**AIM OF THE TASK**:
Would you output all the lines below precisely as they stand, leaving each picture out?

..............................

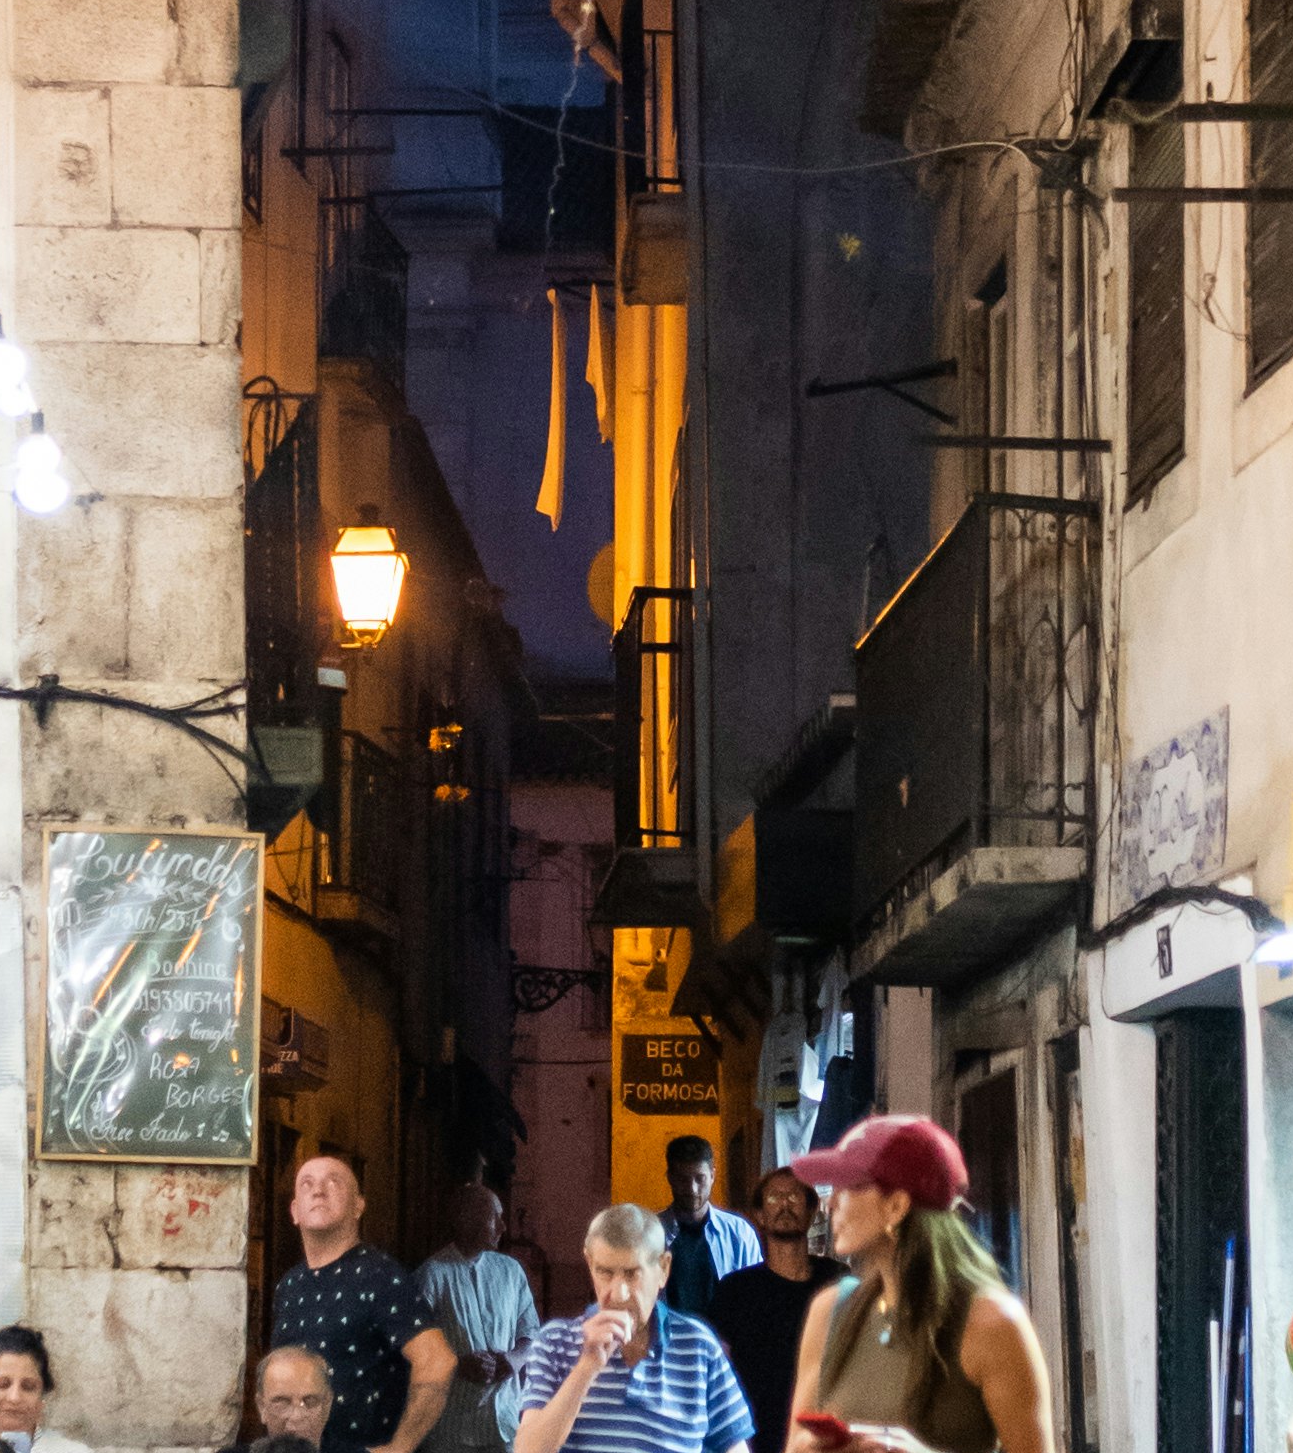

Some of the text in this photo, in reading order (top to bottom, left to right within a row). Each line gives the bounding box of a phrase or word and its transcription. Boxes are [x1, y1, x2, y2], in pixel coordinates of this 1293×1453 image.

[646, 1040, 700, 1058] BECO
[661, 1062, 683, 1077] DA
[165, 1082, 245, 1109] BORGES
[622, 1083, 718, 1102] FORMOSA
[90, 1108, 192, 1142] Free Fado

..............................

**SOLVED EXERCISE**:
Some of the text in this photo, in reading order (top to bottom, left to right within a row). Each line gives the bounding box of a phrase or word and its transcription. Boxes are [x1, y1, x2, y2], in pixel coordinates of this 1293×1453 image.

[646, 1040, 700, 1058] BECO
[661, 1062, 683, 1077] DA
[165, 1082, 245, 1109] BORGES
[622, 1083, 718, 1102] FORMOSA
[90, 1108, 192, 1142] Free Fado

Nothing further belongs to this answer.